Sob os termos do acordo, os capitães ucranianos conduzirão os navios com grãos para fora de Odesa e dos portos vizinhos de Chernomorsk e Yuzhne através de passagens seguras mapeadas pela Marinha ucraniana, para evitar as minas que a Ucrânia colocou para impedir um temido ataque anfíbio russo.
Um centro de comando conjunto com autoridades russas, ucranianas, turcas e da ONU será instalado em Istambul a partir de sábado, disseram as autoridades da ONU. Equipes dos três países e das Nações Unidas inspecionarão conjuntamente os navios nos portos turcos, tanto na chegada da Ucrânia quanto na partida, principalmente para garantir que não estejam carregando armas de volta à Ucrânia após descarregar seus grãos.
Guterres elogiou a Ucrânia, a Rússia e a Turquia por trabalharem juntas para garantir o avanço.
“Desde que a guerra começou, venho destacando que não há solução para a crise alimentar global sem garantir acesso global total aos produtos alimentícios da Ucrânia e alimentos e fertilizantes russos”, disse ele. “Hoje demos passos importantes para atingir esse objetivo. Mas tem sido um longo caminho.”
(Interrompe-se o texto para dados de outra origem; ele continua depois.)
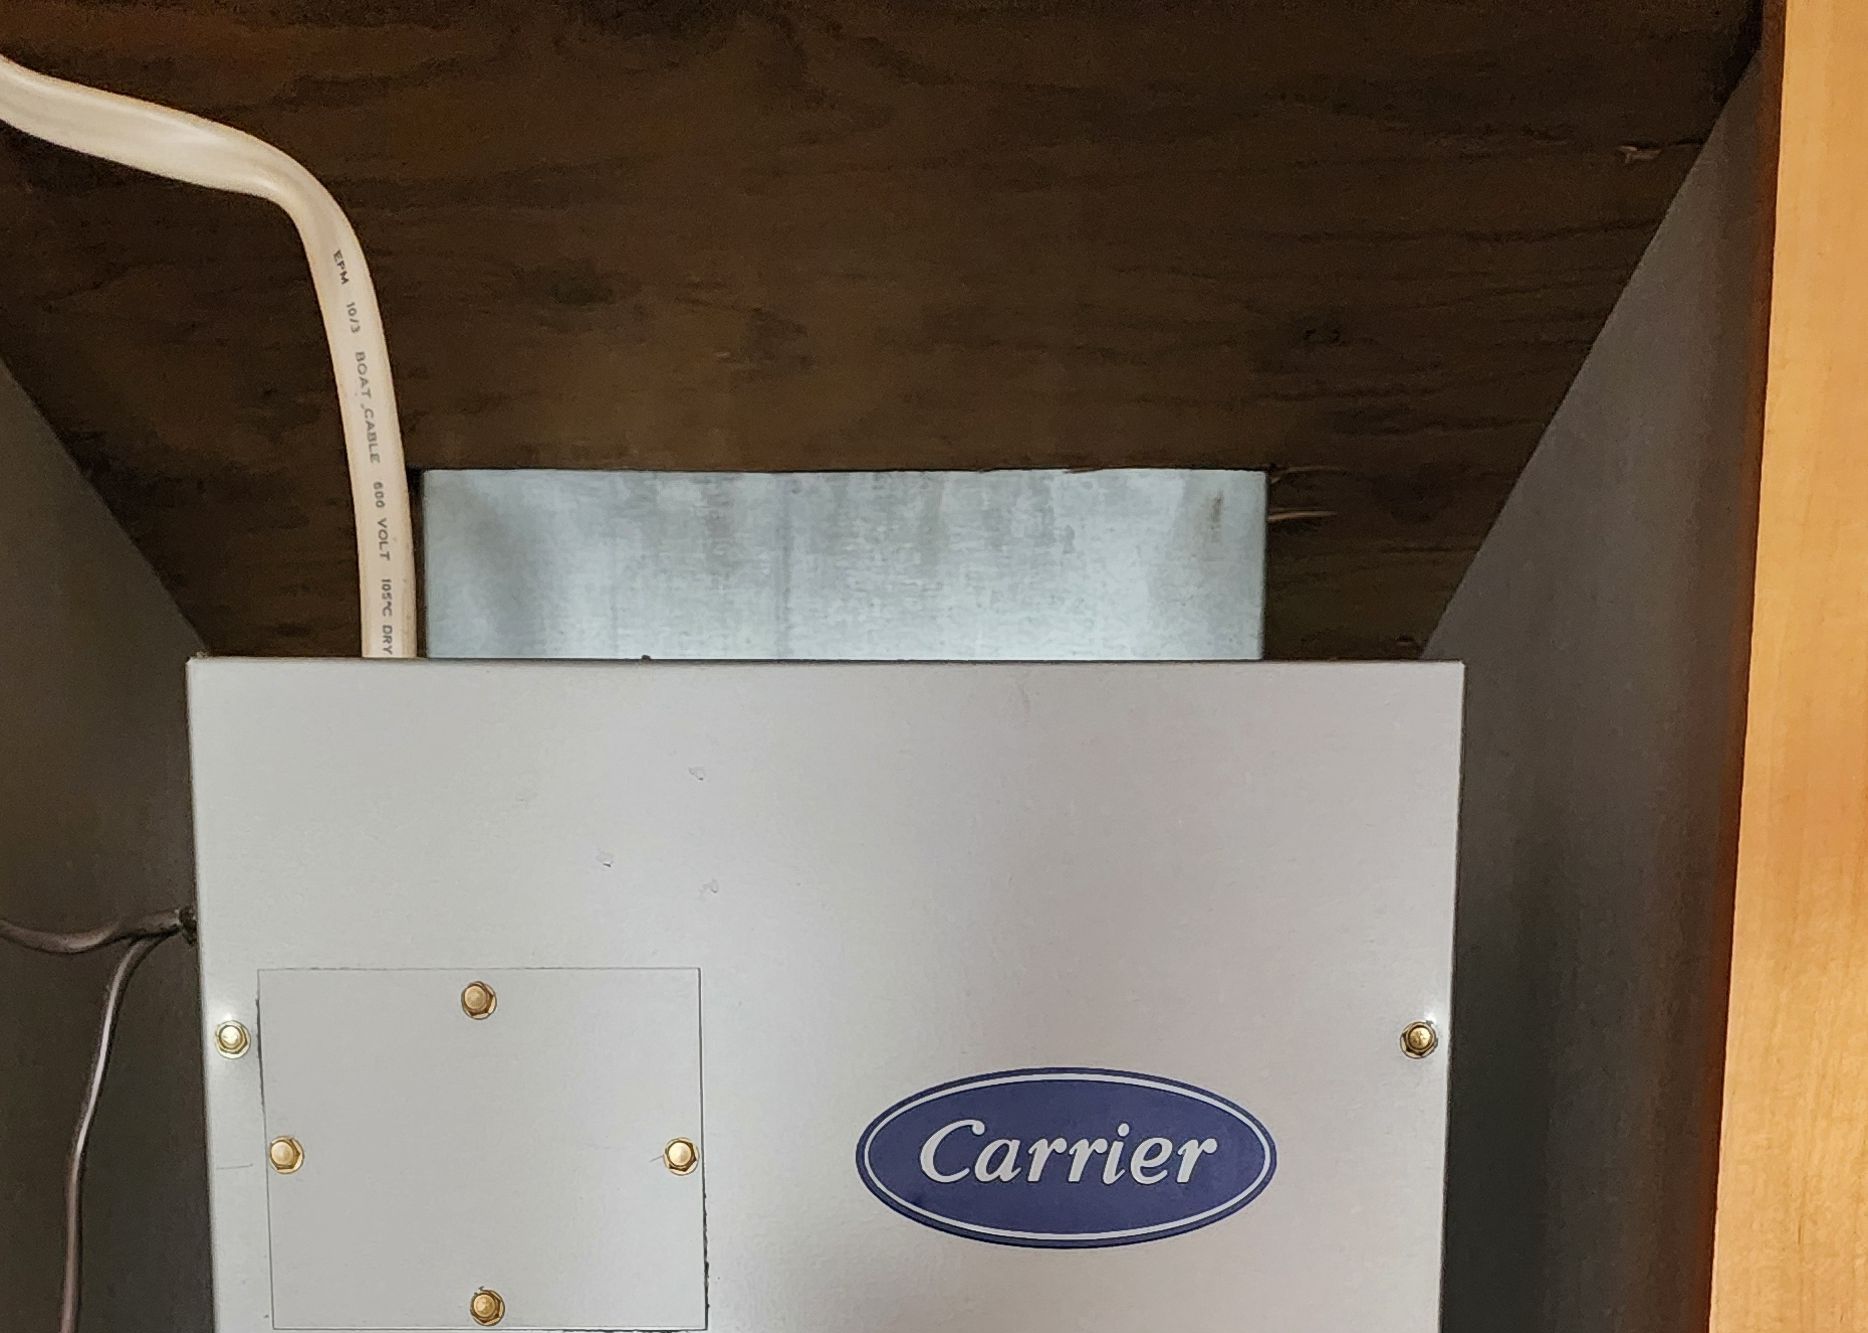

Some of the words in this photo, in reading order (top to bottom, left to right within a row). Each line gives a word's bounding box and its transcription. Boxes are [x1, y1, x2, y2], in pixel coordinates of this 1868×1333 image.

[332, 248, 350, 286] EPM
[344, 300, 361, 335] 10/3
[354, 350, 374, 400] BOAT
[362, 406, 381, 464] CABLE
[372, 480, 386, 510] 600
[376, 517, 391, 562] VOLT
[381, 624, 394, 656] DRY
[919, 1118, 1218, 1186] Carrier
O avanço é um golpe para Guterres, bem como para Erdogan, que se posicionou como mediador, em boas relações com Putin e o presidente Volodymyr Zelensky da Ucrânia.
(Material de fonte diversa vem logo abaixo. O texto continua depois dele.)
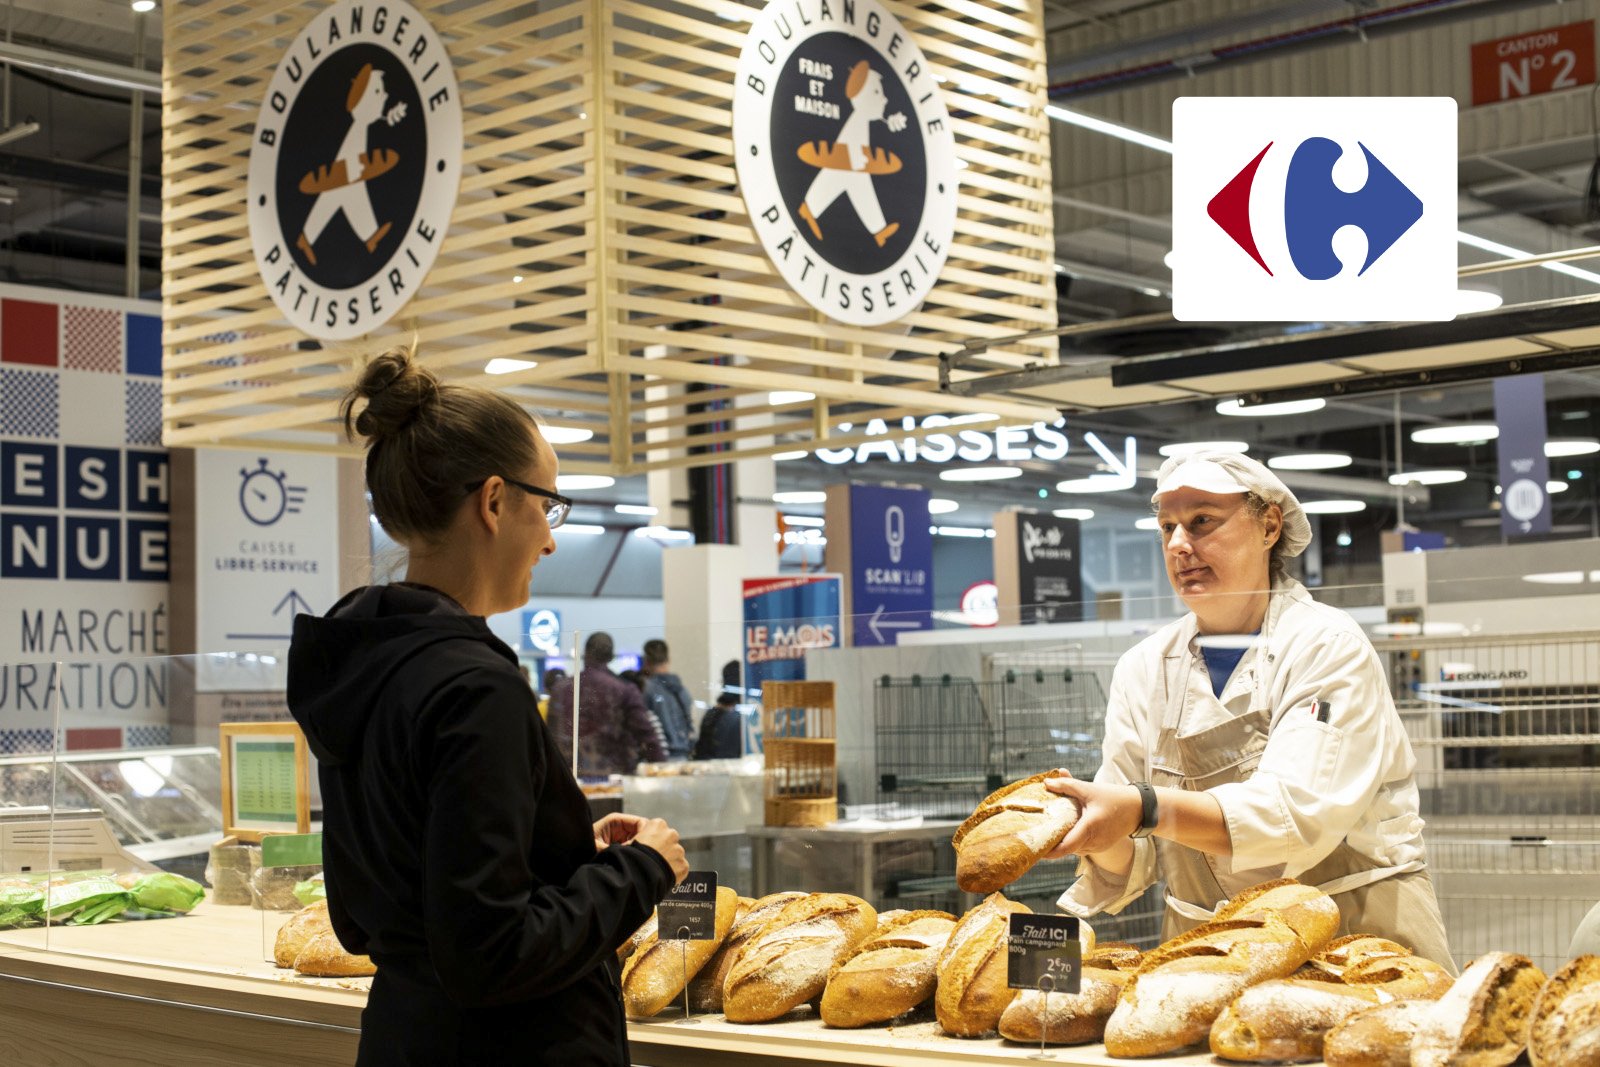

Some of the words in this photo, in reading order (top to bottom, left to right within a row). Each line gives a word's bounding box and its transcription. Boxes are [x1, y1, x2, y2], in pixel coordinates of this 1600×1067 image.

[1496, 31, 1559, 57] CANTON
[259, 6, 450, 148] BOULANGERIE
[747, 0, 945, 136] BOULANGERIE
[799, 57, 834, 81] FRAIS
[1550, 48, 1578, 92] 2
[809, 79, 825, 97] ET
[794, 95, 840, 120] MAISON
[761, 204, 942, 314] PÂTISSERIE
[264, 218, 437, 328] PÂTISSERIE
[238, 541, 296, 556] CAISSE
[215, 557, 319, 574] LIBRE-SERVICE
[21, 602, 167, 654] MARCHÉ
[747, 626, 768, 649] LE
[772, 623, 836, 648] MOIS
[671, 883, 691, 894] Fait
[693, 883, 707, 893] ICI
[1008, 936, 1024, 945] Pain
[1025, 939, 1066, 949] campagnard
[1022, 925, 1047, 938] Fait
[1050, 928, 1067, 940] ICI
[1009, 945, 1026, 956] 800g
O acordo parecia improvável apenas duas semanas atrás, após uma série de reuniões intensas, com os dois lados questionando os motivos um do outro e culpando um ao outro pelo impasse.
Uma proposta inicial pedia a remoção de minas, à qual a Ucrânia se opôs, e a criação de uma flotilha internacional para escoltar os navios de grãos. Um passo importante em frente veio quando a Ucrânia concordou em ter seus próprios capitães para dirigir os navios na primeira etapa de suas jornadas, e a ideia de uma escolta militar foi abandonada. Isso a tornou mais uma operação civil, aliviando as preocupações de que poderia desencadear um episódio hostil.
Levar a Rússia a bordo levou mais tempo, disseram autoridades. Exigiu que as Nações Unidas convencessem as companhias de navegação e seguros do setor privado de que poderiam transportar alimentos e fertilizantes russos, que não são diretamente barrados pelas sanções ocidentais, sem entrar em conflito com outras sanções.
A última peça do quebra-cabeça veio na quinta-feira, quando a União Européia publicou esclarecimentos juridicamente vinculantes de que bancos, seguradoras e outras empresas tinham permissão para participar da exportação de grãos e fertilizantes russos e que suas sanções não afetaram o principal porto russo de Novorossiysk no Mar Negro. Altos funcionários da ONU disseram que essas garantias foram suficientes para convencer o setor privado a se envolver novamente com o comércio de grãos da Rússia.
“Hoje temos todos os pré-requisitos e todas as soluções para que este processo seja iniciado nos próximos dias”, disse Shoigu, o ministro da Defesa russo, que assinou o acordo em Istambul, a repórteres depois.
Os mercados globais de grãos reagiram imediatamente às notícias do acordo. O preço dos futuros de trigo caiu mais de 5 por cento na sexta-feira, para cerca de US$ 760 por bushel.
A reportagem foi contribuída por Anton Troyanovski, Valerie Hopkins, E Bilefsky, Joe Rennison e Patricia Cohen.